SePass: Semantic Password Guessing using k-nn Similarity Search in Word Embeddings
A password guessing method that utilizes word embeddings to discover and exploit semantic correlations in password lists.
SePass: Semantic Password Guessing using k-nn Similarity Search in Word Embeddings
We introduce SePass, a novel password guessing method that utilizes word embeddings to discover and exploit semantic correlations in password lists. Our tool here is made for research purposes and is intended to be used for further research. It is therefore still a work in progress and not designed for usability at the moment.
Overview
Commonly used tools for password guessing work with passwords leaks and use these lists for candidate generation based on handcrafted or inferred rules. These methods are often limited in their capability of producing entirely novel passwords, based on vocabulary not included in the given password lists. SePass, is a novel tool that utilizes word embeddings to discover and exploit semantic correlations in order to guess novel base words for passwords deliberately.
License
Installation
We suggest running SePass on a Unix system and using a virtual environment to install the requirements for SePass. You can create a virtual environment in python in the following manner:
python -m venv env
source env/bin/activate
Afterwards install the required libraries:
pip install -r requirements.txt
For rule detection it is necessary that the Enchant C library is installed:
apt install enchant-2-2
In order to run SePass you need pretrained word embeddings, that are compatible by gensim. We suggest using the fasttext models for 157 langugages in order to choose which languages should be . The models can be downloaded here.
Reproducibility
If you are looking to reproduce the results from our corresponding paper (unpublished, in review) you can find detailed instructions and scripts in the evaluation folder and our train and test password lists in the data folder
Usage
The gensim models need to be in a directory named models in the same directory as SePass.py to be found.

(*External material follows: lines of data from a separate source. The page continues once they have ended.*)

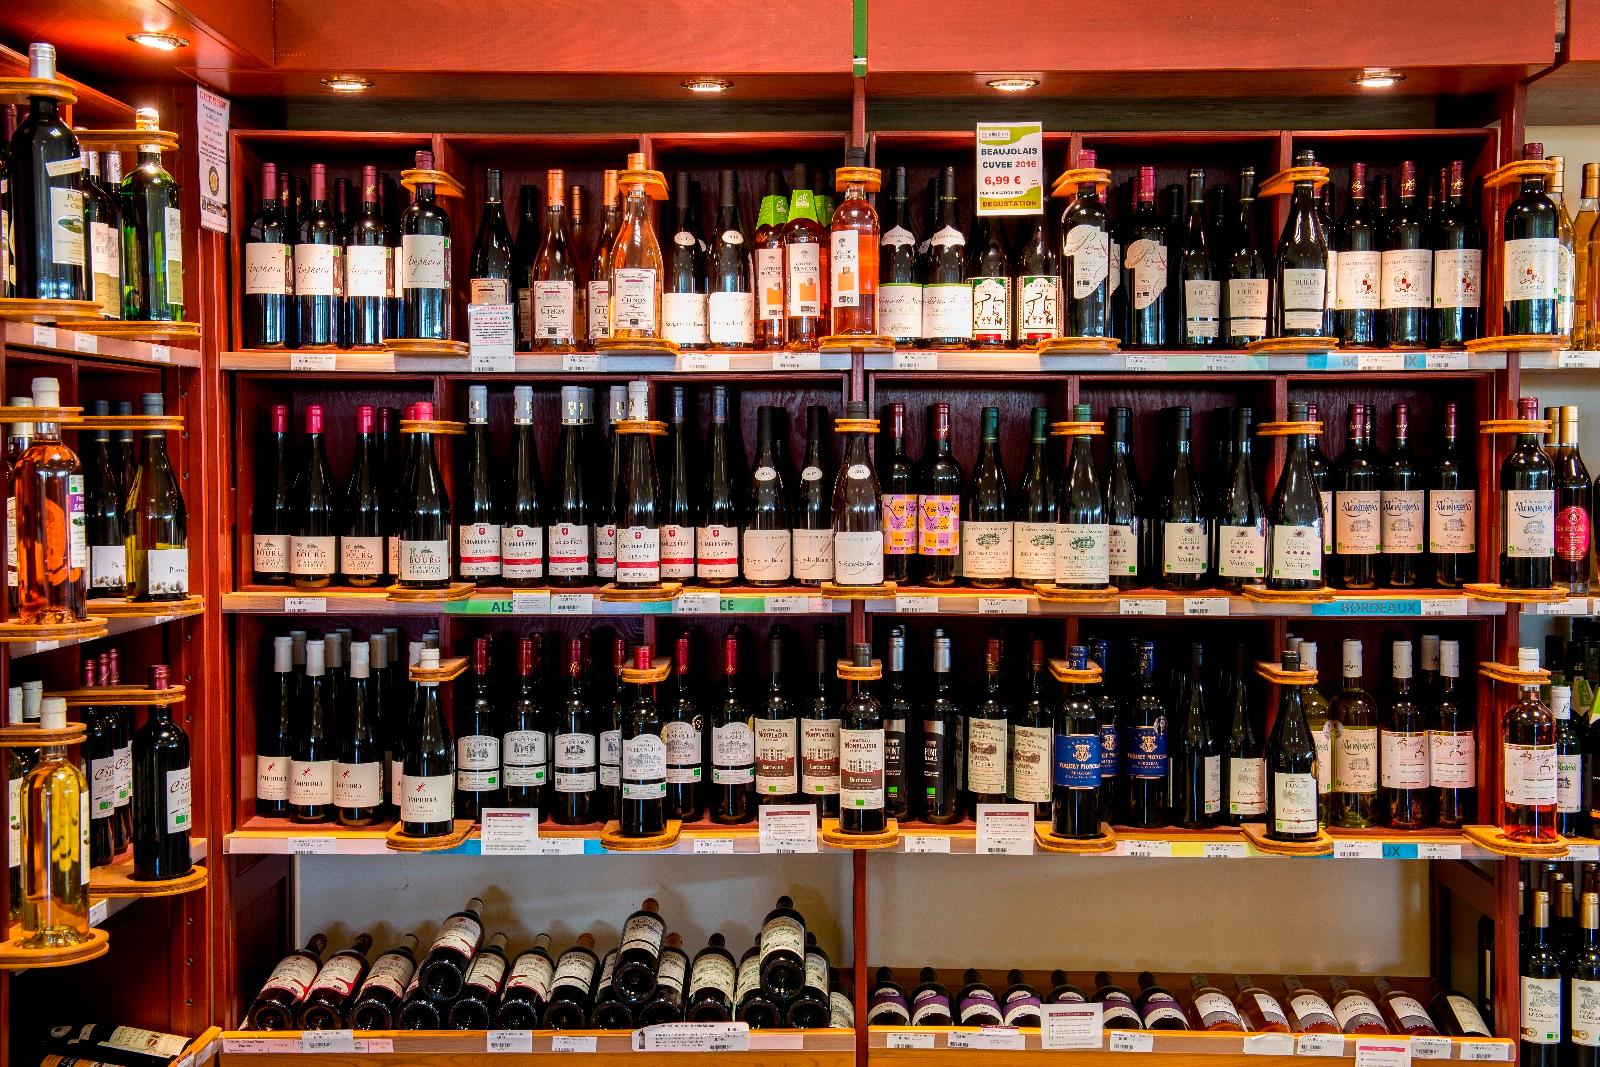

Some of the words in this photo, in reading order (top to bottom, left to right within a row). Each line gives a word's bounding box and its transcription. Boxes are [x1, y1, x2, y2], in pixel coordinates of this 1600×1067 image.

[981, 147, 1039, 156] BEAUJOLAIS
[983, 161, 1013, 169] CUVEE
[1015, 160, 1037, 168] 2016
[984, 175, 1010, 187] 6,99
[1014, 175, 1022, 185] €
[982, 200, 1037, 208] DEGUSTATION
[409, 556, 441, 565] BOURG
[491, 600, 514, 614] ALS
[1341, 601, 1416, 615] BORDEAUX
[845, 741, 877, 749] MONPLAISIR

SePass.py [-h] [--debug] [-len LIST_LENGTH]
[--models MODELS [MODELS ...]] [-mwl MIN_WORD_LENGTH]
[-o OUT] [-rr RELEVANT_RULESET_RATIO] [-sr SEMANTIC_RATING]
[-rv RESTRICT_VOCAB] [--mode MODE]
pwlist
positional arguments:
pwlist path of password list to be analyzed
optional arguments:
-h, --help show this help message and exit
--debug print debug messages
-len LIST_LENGTH, --list_length LIST_LENGTH
number of password suggestions to be created.
Default=1000000
--models MODELS [MODELS ...]
name of the fasttext word embeddings models to use
(stored in models/ folder)
-mwl MIN_WORD_LENGTH, --min_word_length MIN_WORD_LENGTH
length of the smallest word that should be searched
for. Default=4.
-o OUT, --out OUT Output path
-rr RELEVANT_RULESET_RATIO, --relevant_ruleset_ratio RELEVANT_RULESET_RATIO
this parameter will determine the percentage of
(different) rules to be taken into account.
Default=0.1
-sr SEMANTIC_RATING, --semantic_rating SEMANTIC_RATING
higher semantic rating will increase the influence of
word semantic in sorting process
-rv RESTRICT_VOCAB, --restrict_vocab RESTRICT_VOCAB
this parameter restricts the number of words of each
model to the most frequent k
--mode MODE this parameter defines the mode for semantic
expansion. Default = k-NN